→ **RECORDS TO PROCESS**
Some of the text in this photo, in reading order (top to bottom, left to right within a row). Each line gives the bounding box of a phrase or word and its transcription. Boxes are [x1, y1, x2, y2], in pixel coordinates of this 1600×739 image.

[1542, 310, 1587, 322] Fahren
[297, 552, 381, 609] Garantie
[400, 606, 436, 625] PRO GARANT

==

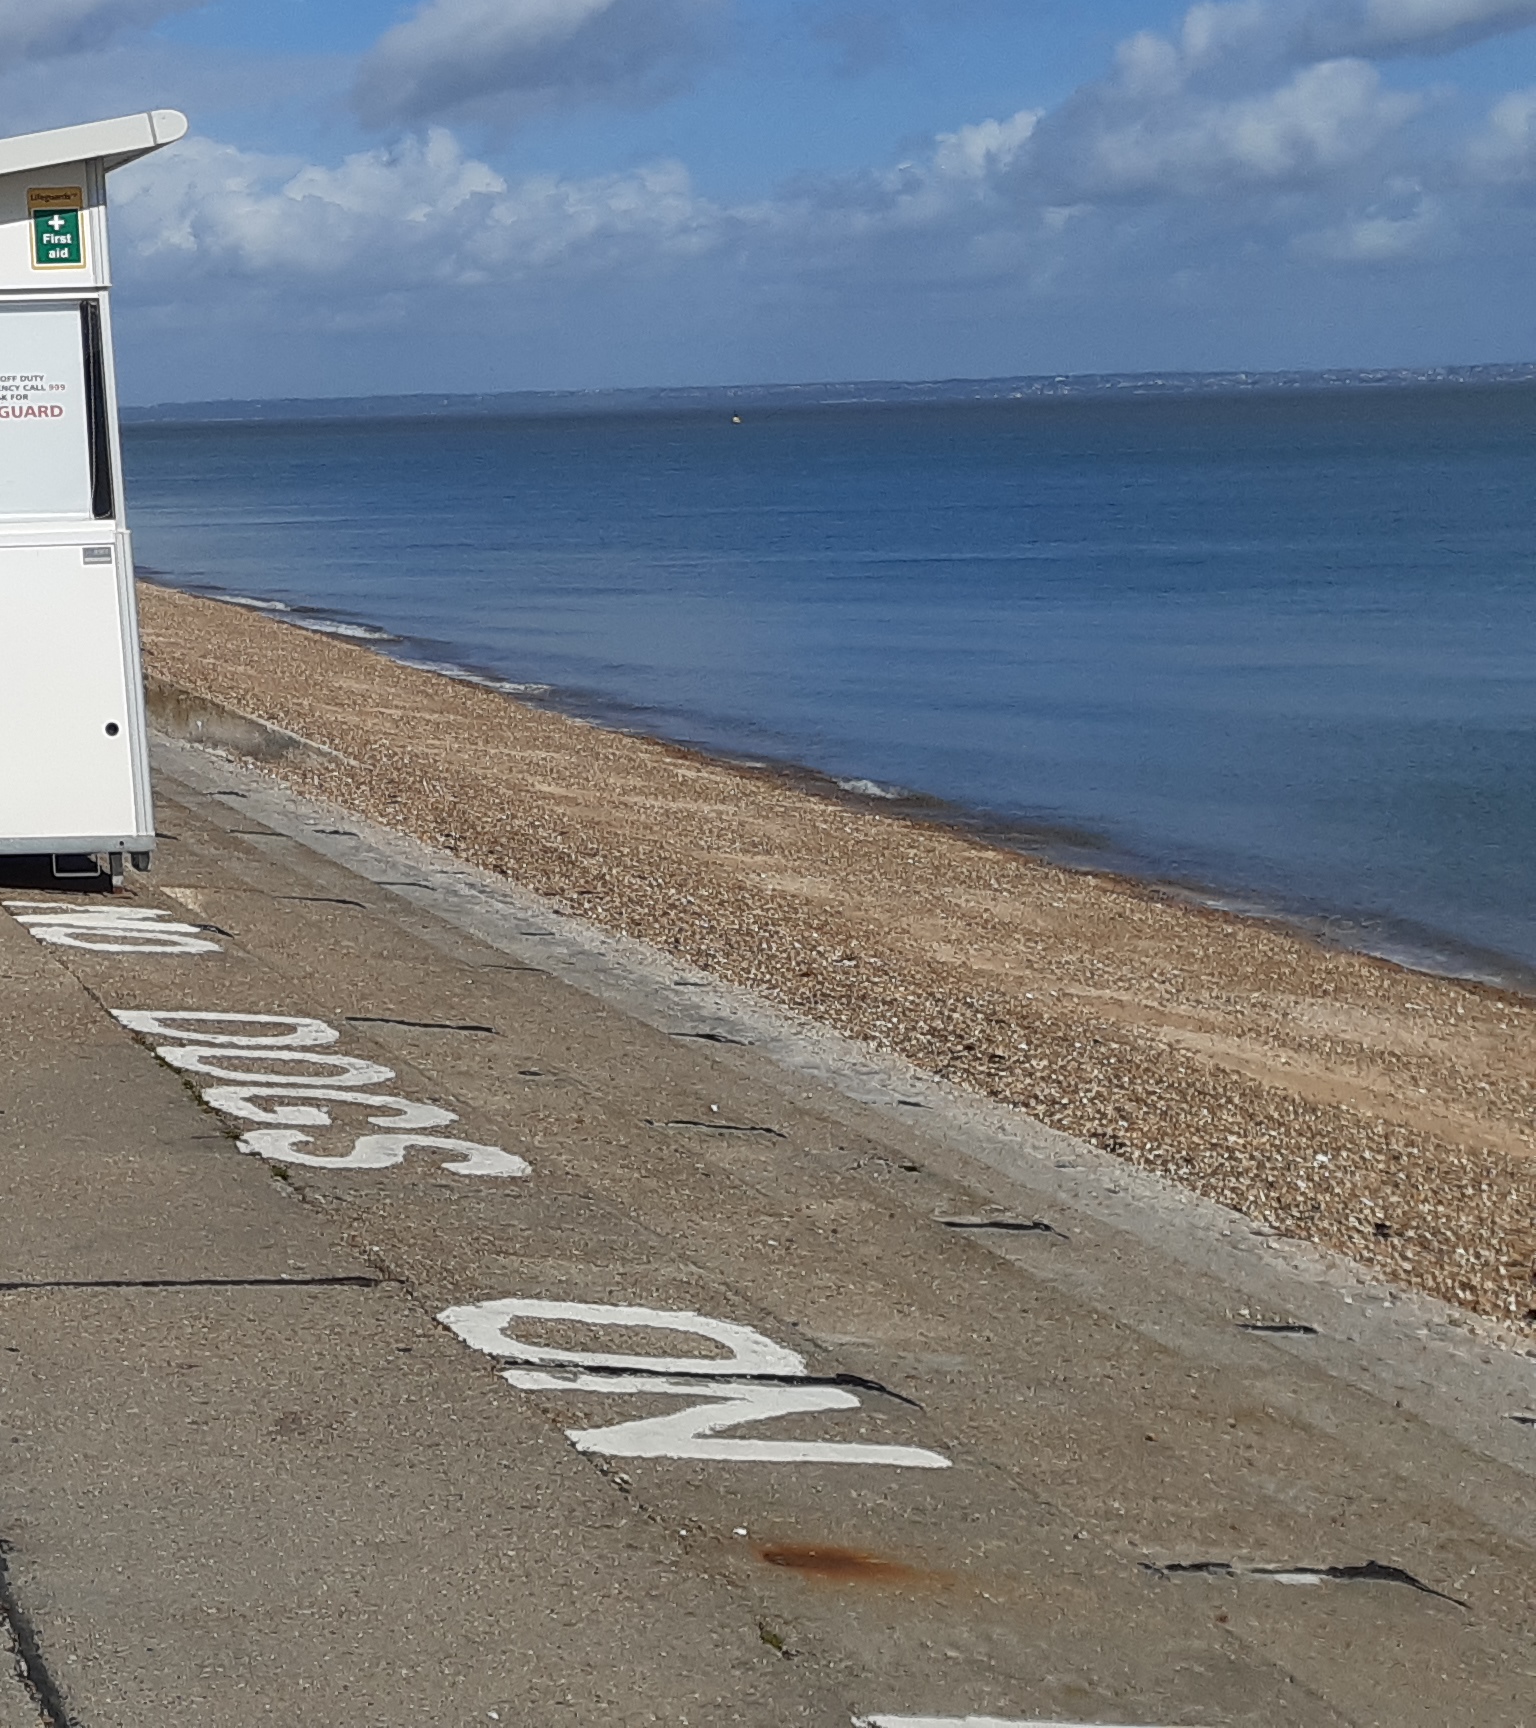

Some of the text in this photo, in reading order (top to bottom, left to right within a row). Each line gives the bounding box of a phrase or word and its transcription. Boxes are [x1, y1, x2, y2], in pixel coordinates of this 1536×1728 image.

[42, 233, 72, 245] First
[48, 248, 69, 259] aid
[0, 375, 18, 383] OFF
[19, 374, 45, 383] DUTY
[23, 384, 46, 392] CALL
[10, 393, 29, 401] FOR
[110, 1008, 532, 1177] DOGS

---

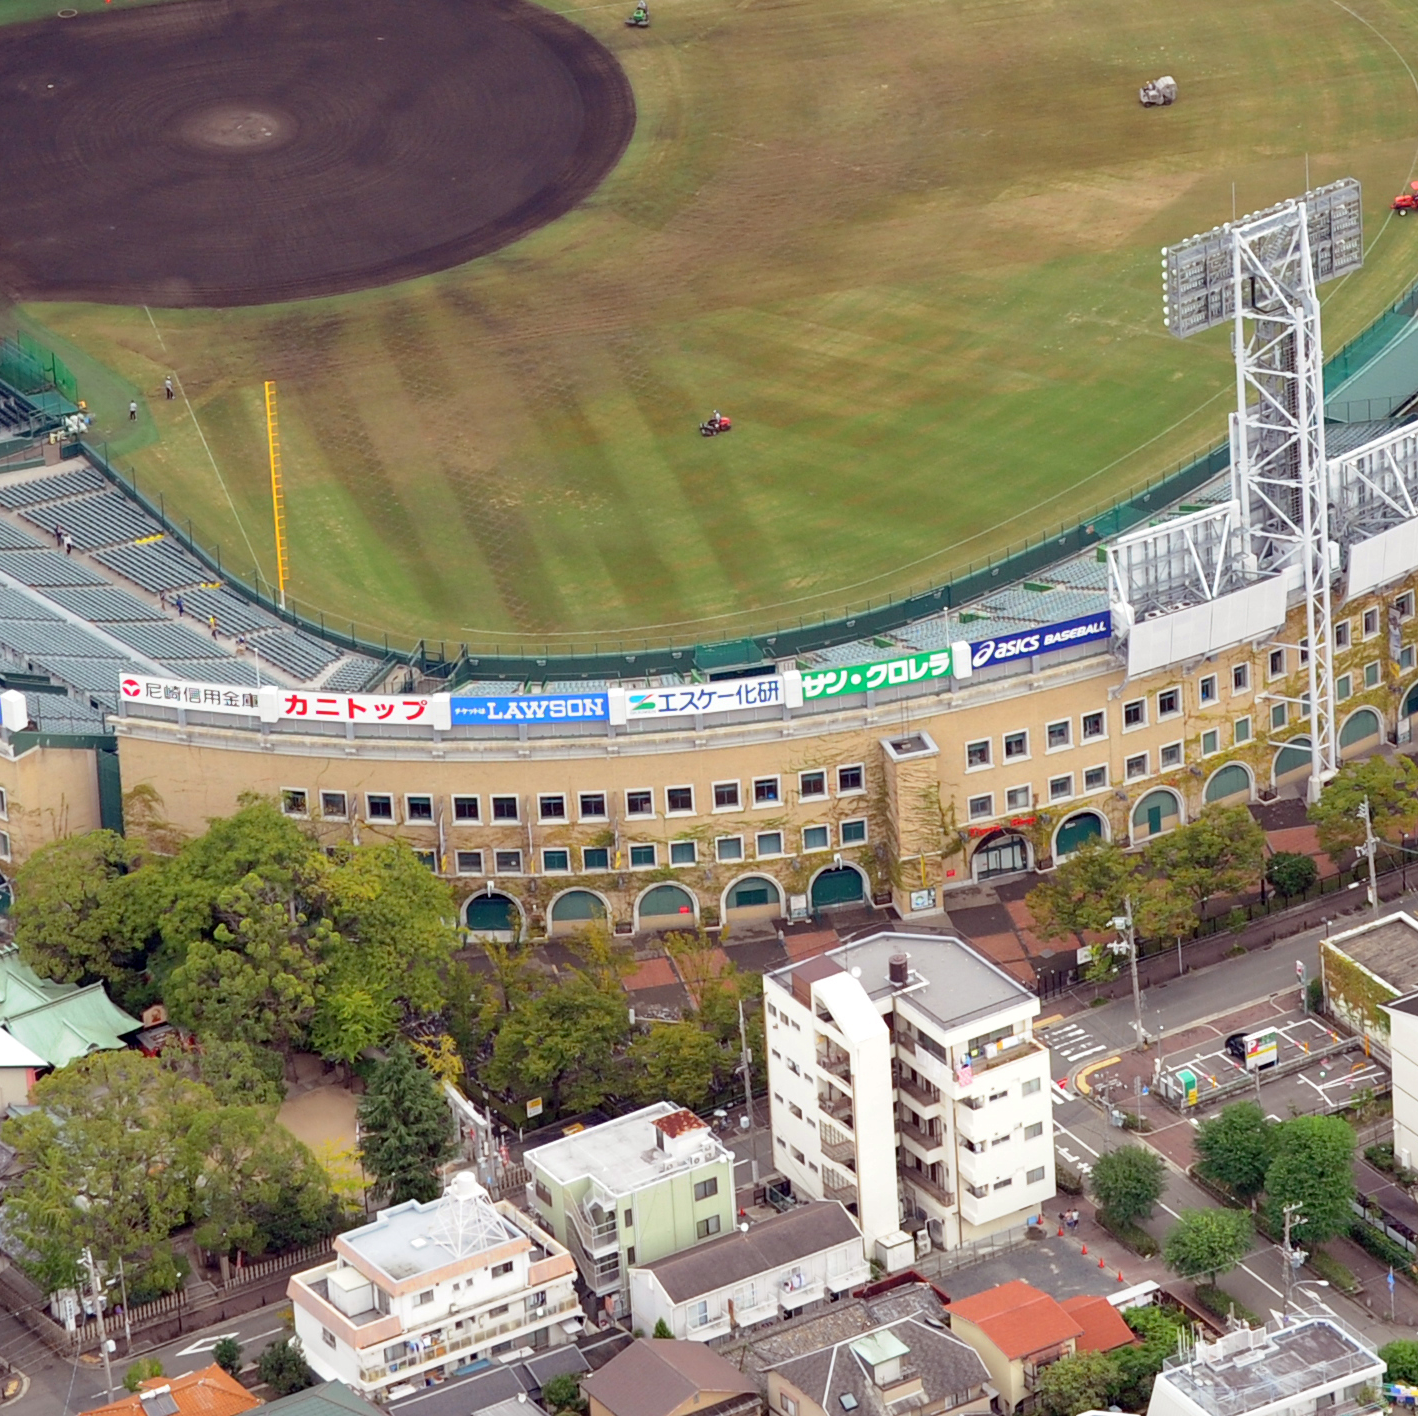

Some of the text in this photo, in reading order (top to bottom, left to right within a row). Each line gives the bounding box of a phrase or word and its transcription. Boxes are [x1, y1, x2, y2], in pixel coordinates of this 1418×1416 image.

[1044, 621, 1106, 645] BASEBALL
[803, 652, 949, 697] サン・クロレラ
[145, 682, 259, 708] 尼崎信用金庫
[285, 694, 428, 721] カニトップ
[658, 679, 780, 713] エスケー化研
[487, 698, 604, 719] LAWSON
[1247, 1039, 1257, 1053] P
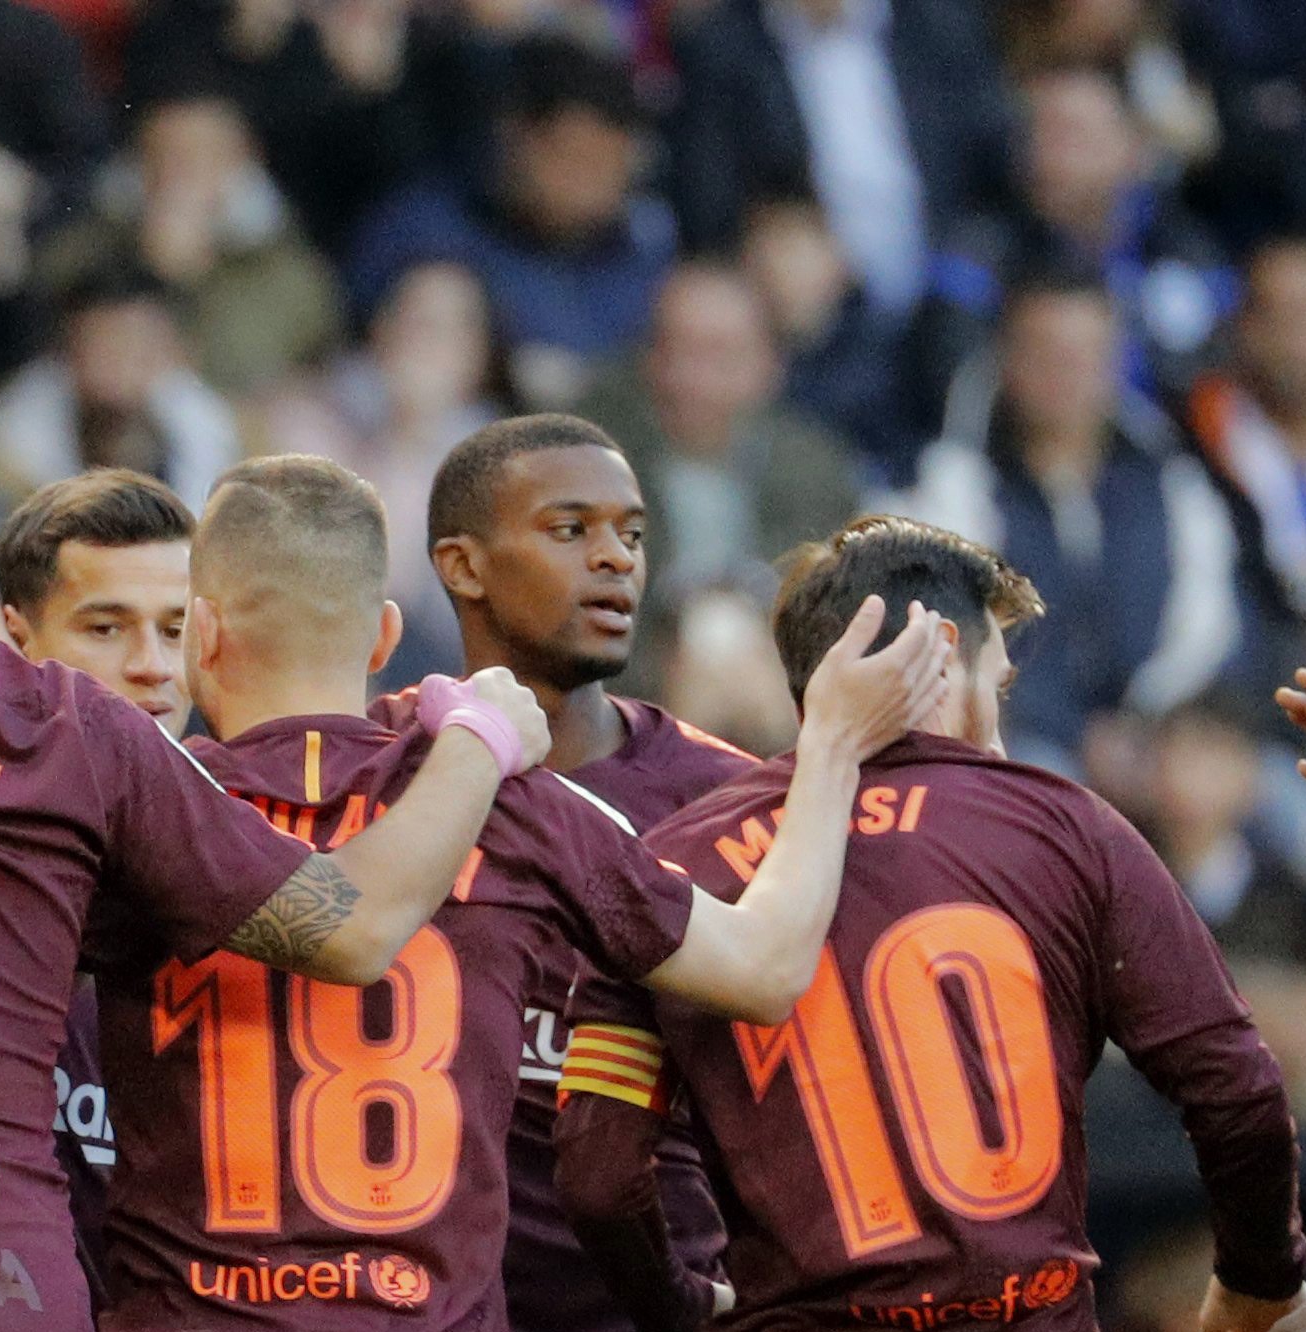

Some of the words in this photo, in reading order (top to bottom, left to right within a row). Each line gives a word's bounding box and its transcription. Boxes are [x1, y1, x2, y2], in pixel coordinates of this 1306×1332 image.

→ **REQUIREMENT**
Reproduce the entries exactly, from the line with "this 1418×1416 image." to the line with "Some of the words", both lines included, keeping no pictures.

→ **RESPONSE TO THIS TASK**
Some of the text in this photo, in reading order (top to bottom, left to right within a row). Each line gives the bounding box of a phrase or word and its transcription. Boxes are [x1, y1, x2, y2], in pixel coordinates of this 1418×1416 image.

[1044, 621, 1106, 645] BASEBALL
[803, 652, 949, 697] サン・クロレラ
[145, 682, 259, 708] 尼崎信用金庫
[285, 694, 428, 721] カニトップ
[658, 679, 780, 713] エスケー化研
[487, 698, 604, 719] LAWSON
[1247, 1039, 1257, 1053] P

Some of the words in this photo, in reading order (top to bottom, left to right within a row). Each line gives a word's bounding box and its transcription. Boxes are [x1, y1, x2, y2], in pixel coordinates of this 1306×1332 image.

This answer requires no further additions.